(Dataset records)
▬▬▬
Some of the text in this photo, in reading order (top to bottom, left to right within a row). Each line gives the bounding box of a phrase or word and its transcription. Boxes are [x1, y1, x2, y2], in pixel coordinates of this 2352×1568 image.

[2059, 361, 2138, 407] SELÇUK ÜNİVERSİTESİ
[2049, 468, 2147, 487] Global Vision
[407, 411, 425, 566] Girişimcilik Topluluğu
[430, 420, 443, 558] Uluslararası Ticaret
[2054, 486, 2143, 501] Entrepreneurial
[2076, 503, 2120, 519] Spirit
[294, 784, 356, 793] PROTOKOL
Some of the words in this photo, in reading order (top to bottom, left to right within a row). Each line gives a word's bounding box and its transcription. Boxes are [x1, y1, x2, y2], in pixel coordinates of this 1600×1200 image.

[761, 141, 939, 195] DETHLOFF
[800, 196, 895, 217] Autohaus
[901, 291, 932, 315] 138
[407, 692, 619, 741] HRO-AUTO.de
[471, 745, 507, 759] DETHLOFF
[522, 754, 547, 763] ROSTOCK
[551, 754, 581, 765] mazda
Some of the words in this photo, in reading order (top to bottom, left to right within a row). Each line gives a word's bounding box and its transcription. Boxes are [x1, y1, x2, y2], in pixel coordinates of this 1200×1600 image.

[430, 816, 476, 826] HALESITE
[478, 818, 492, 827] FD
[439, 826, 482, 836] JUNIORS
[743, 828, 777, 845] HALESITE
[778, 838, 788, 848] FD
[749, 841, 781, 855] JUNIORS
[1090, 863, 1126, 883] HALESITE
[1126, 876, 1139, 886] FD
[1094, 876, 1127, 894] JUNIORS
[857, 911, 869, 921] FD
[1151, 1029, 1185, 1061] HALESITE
▬▬▬
(Exercise objective)
All the lines above should be written out once more, exactly.

(Solution to the exercise)
Some of the text in this photo, in reading order (top to bottom, left to right within a row). Each line gives the bounding box of a phrase or word and its transcription. Boxes are [x1, y1, x2, y2], in pixel coordinates of this 2352×1568 image.

[2059, 361, 2138, 407] SELÇUK ÜNİVERSİTESİ
[2049, 468, 2147, 487] Global Vision
[407, 411, 425, 566] Girişimcilik Topluluğu
[430, 420, 443, 558] Uluslararası Ticaret
[2054, 486, 2143, 501] Entrepreneurial
[2076, 503, 2120, 519] Spirit
[294, 784, 356, 793] PROTOKOL
Some of the words in this photo, in reading order (top to bottom, left to right within a row). Each line gives a word's bounding box and its transcription. Boxes are [x1, y1, x2, y2], in pixel coordinates of this 1600×1200 image.

[761, 141, 939, 195] DETHLOFF
[800, 196, 895, 217] Autohaus
[901, 291, 932, 315] 138
[407, 692, 619, 741] HRO-AUTO.de
[471, 745, 507, 759] DETHLOFF
[522, 754, 547, 763] ROSTOCK
[551, 754, 581, 765] mazda
Some of the words in this photo, in reading order (top to bottom, left to right within a row). Each line gives a word's bounding box and its transcription. Boxes are [x1, y1, x2, y2], in pixel coordinates of this 1200×1600 image.

[430, 816, 476, 826] HALESITE
[478, 818, 492, 827] FD
[439, 826, 482, 836] JUNIORS
[743, 828, 777, 845] HALESITE
[778, 838, 788, 848] FD
[749, 841, 781, 855] JUNIORS
[1090, 863, 1126, 883] HALESITE
[1126, 876, 1139, 886] FD
[1094, 876, 1127, 894] JUNIORS
[857, 911, 869, 921] FD
[1151, 1029, 1185, 1061] HALESITE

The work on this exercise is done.